§ **AVAILABLE DATA**

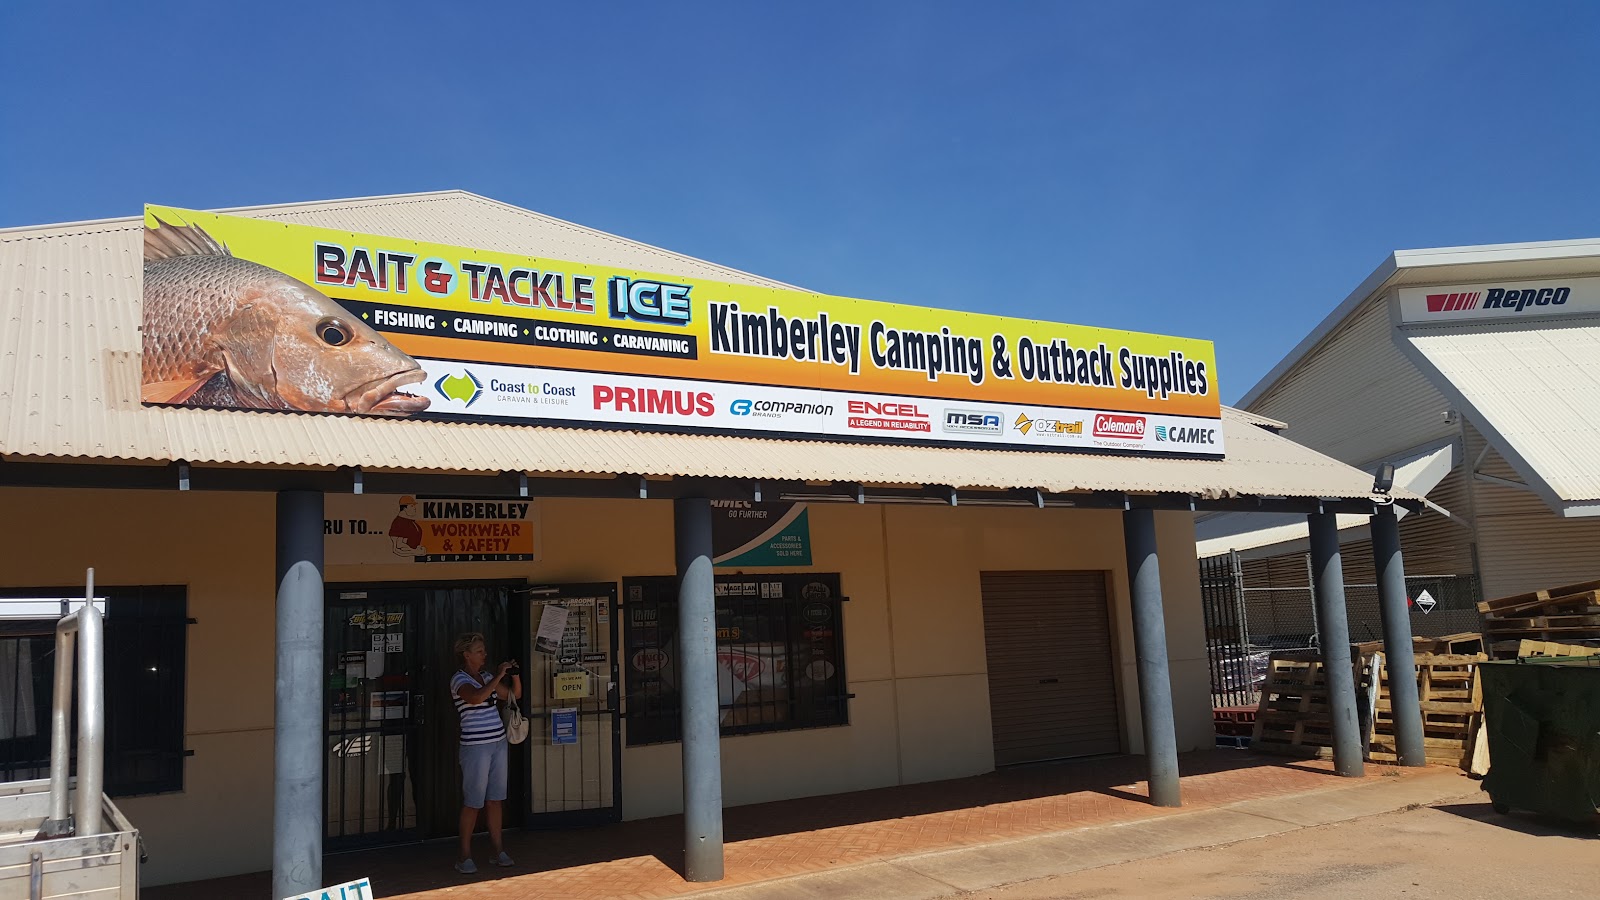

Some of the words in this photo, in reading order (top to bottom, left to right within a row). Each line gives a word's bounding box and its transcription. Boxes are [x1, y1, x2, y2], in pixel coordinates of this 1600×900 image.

[315, 241, 417, 292] BAIT
[423, 260, 453, 294] &
[460, 260, 595, 314] TACKLE
[608, 275, 693, 326] ICE
[1482, 287, 1571, 312] Repco
[374, 309, 436, 331] FISHING
[453, 317, 519, 338] CAMPING
[534, 325, 598, 346] CLOTHING
[613, 334, 690, 354] CARAVANING
[708, 301, 862, 375] Kimberley
[870, 321, 984, 384] Camping
[992, 334, 1014, 379] &
[1018, 337, 1116, 387] Outback
[1118, 347, 1208, 399] Supplies
[490, 378, 525, 393] Coast
[527, 382, 540, 394] to
[542, 382, 576, 397] Coast
[497, 395, 531, 403] CARAVAN
[540, 397, 569, 406] LEISURE
[592, 384, 714, 417] PRIMUS
[752, 411, 782, 419] BRANDS
[847, 400, 930, 418] ENGEL
[849, 418, 856, 426] A
[856, 419, 883, 428] LEGEND
[883, 420, 890, 428] IN
[891, 421, 928, 430] RELIABILITY
[1096, 415, 1136, 434] Coleman
[1168, 426, 1216, 445] CAMEC
[1103, 440, 1122, 448] Outdoor
[423, 501, 529, 520] KIMBERLEY
[728, 510, 738, 518] GO
[738, 510, 768, 519] FURTHER
[349, 519, 383, 535] TO...
[430, 523, 521, 537] WORKWEAR
[442, 539, 454, 552] &
[459, 538, 511, 552] SAFETY
[426, 554, 524, 562] SUPPLIES
[373, 633, 401, 642] BAIT
[373, 645, 401, 653] HERE
[561, 683, 582, 692] OPEN

§ **PROBLEM TO WORK ON**
Return the complete material exactly as given, excluding images.

§ **SOLUTION TO THE PROBLEM**
Some of the words in this photo, in reading order (top to bottom, left to right within a row). Each line gives a word's bounding box and its transcription. Boxes are [x1, y1, x2, y2], in pixel coordinates of this 1600×900 image.

[315, 241, 417, 292] BAIT
[423, 260, 453, 294] &
[460, 260, 595, 314] TACKLE
[608, 275, 693, 326] ICE
[1482, 287, 1571, 312] Repco
[374, 309, 436, 331] FISHING
[453, 317, 519, 338] CAMPING
[534, 325, 598, 346] CLOTHING
[613, 334, 690, 354] CARAVANING
[708, 301, 862, 375] Kimberley
[870, 321, 984, 384] Camping
[992, 334, 1014, 379] &
[1018, 337, 1116, 387] Outback
[1118, 347, 1208, 399] Supplies
[490, 378, 525, 393] Coast
[527, 382, 540, 394] to
[542, 382, 576, 397] Coast
[497, 395, 531, 403] CARAVAN
[540, 397, 569, 406] LEISURE
[592, 384, 714, 417] PRIMUS
[752, 411, 782, 419] BRANDS
[847, 400, 930, 418] ENGEL
[849, 418, 856, 426] A
[856, 419, 883, 428] LEGEND
[883, 420, 890, 428] IN
[891, 421, 928, 430] RELIABILITY
[1096, 415, 1136, 434] Coleman
[1168, 426, 1216, 445] CAMEC
[1103, 440, 1122, 448] Outdoor
[423, 501, 529, 520] KIMBERLEY
[728, 510, 738, 518] GO
[738, 510, 768, 519] FURTHER
[349, 519, 383, 535] TO...
[430, 523, 521, 537] WORKWEAR
[442, 539, 454, 552] &
[459, 538, 511, 552] SAFETY
[426, 554, 524, 562] SUPPLIES
[373, 633, 401, 642] BAIT
[373, 645, 401, 653] HERE
[561, 683, 582, 692] OPEN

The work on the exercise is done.